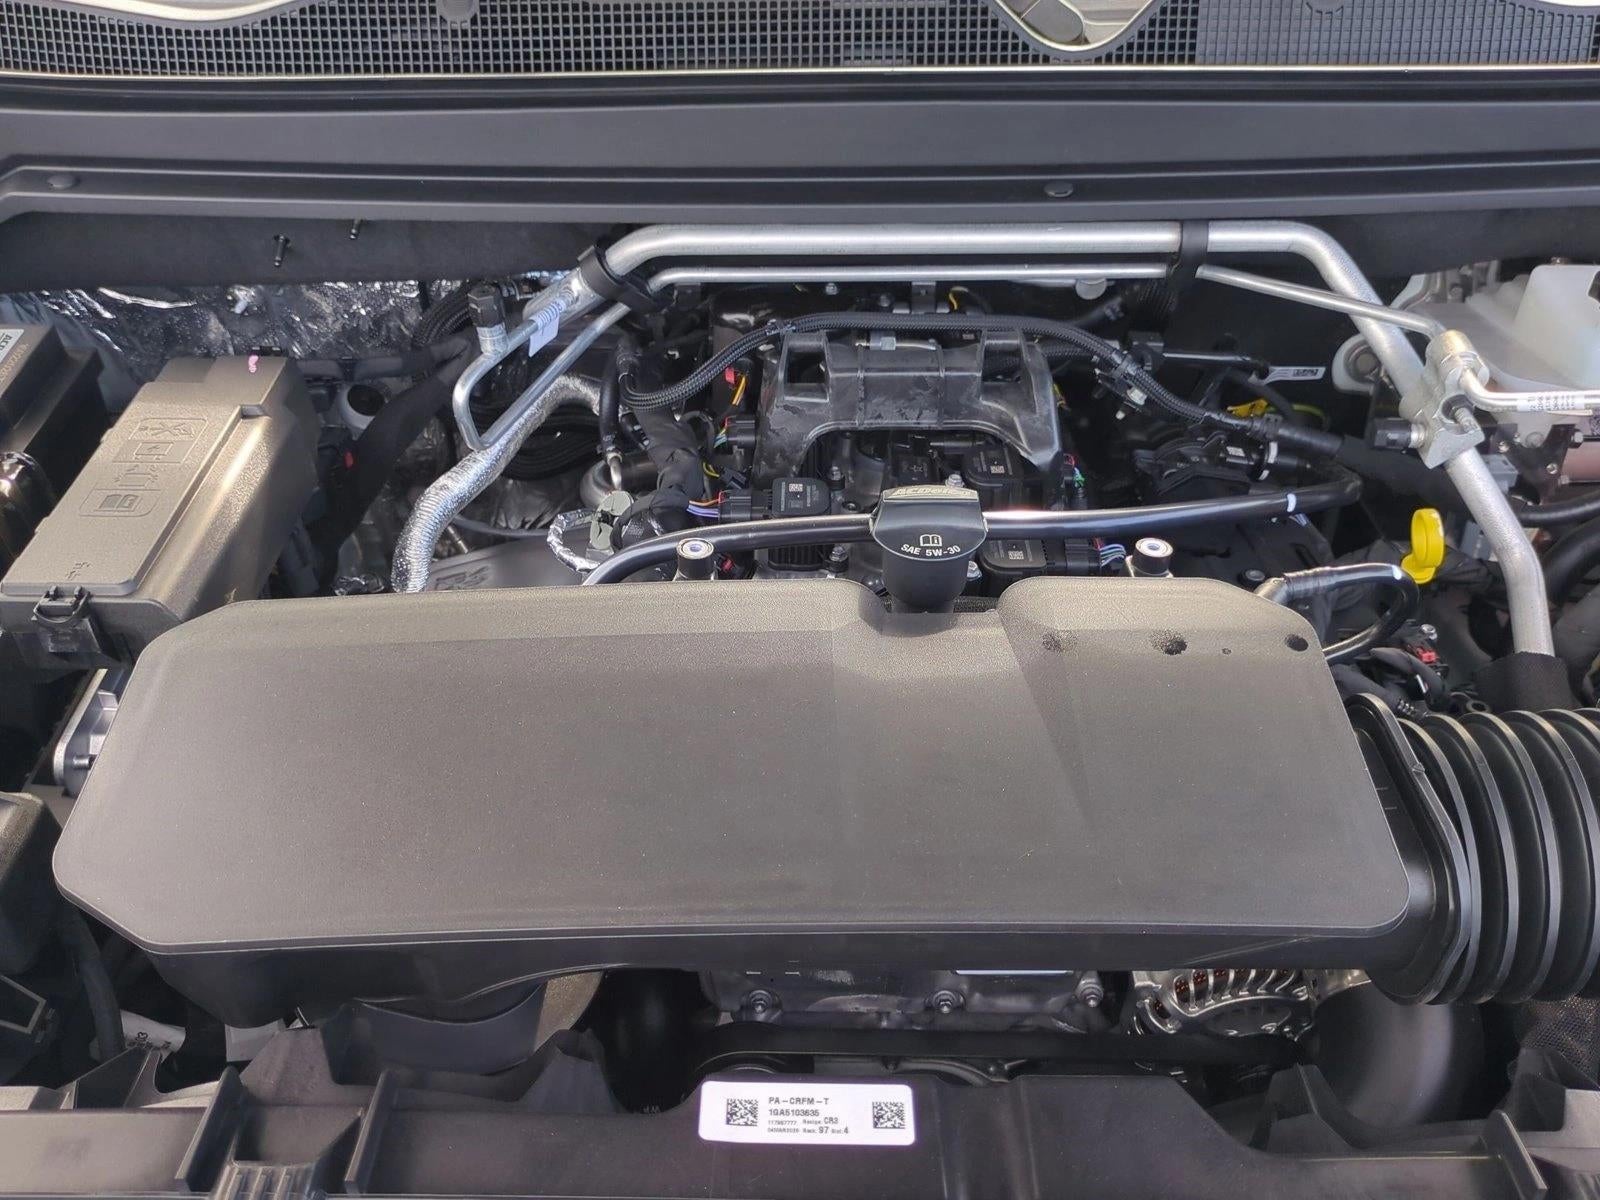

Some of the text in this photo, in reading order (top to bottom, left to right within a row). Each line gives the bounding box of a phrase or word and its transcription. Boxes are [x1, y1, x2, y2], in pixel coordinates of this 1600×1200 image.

[900, 543, 961, 557] SAE 5W-30
[824, 1116, 839, 1124] CR3
[819, 1126, 829, 1134] 97
[843, 1126, 849, 1134] 4

··········

What is needed is an exact copy of the data, with the pictures removed.

Result below:
Some of the text in this photo, in reading order (top to bottom, left to right within a row). Each line gives the bounding box of a phrase or word and its transcription. Boxes are [x1, y1, x2, y2], in pixel coordinates of this 1600×1200 image.

[900, 543, 961, 557] SAE 5W-30
[824, 1116, 839, 1124] CR3
[819, 1126, 829, 1134] 97
[843, 1126, 849, 1134] 4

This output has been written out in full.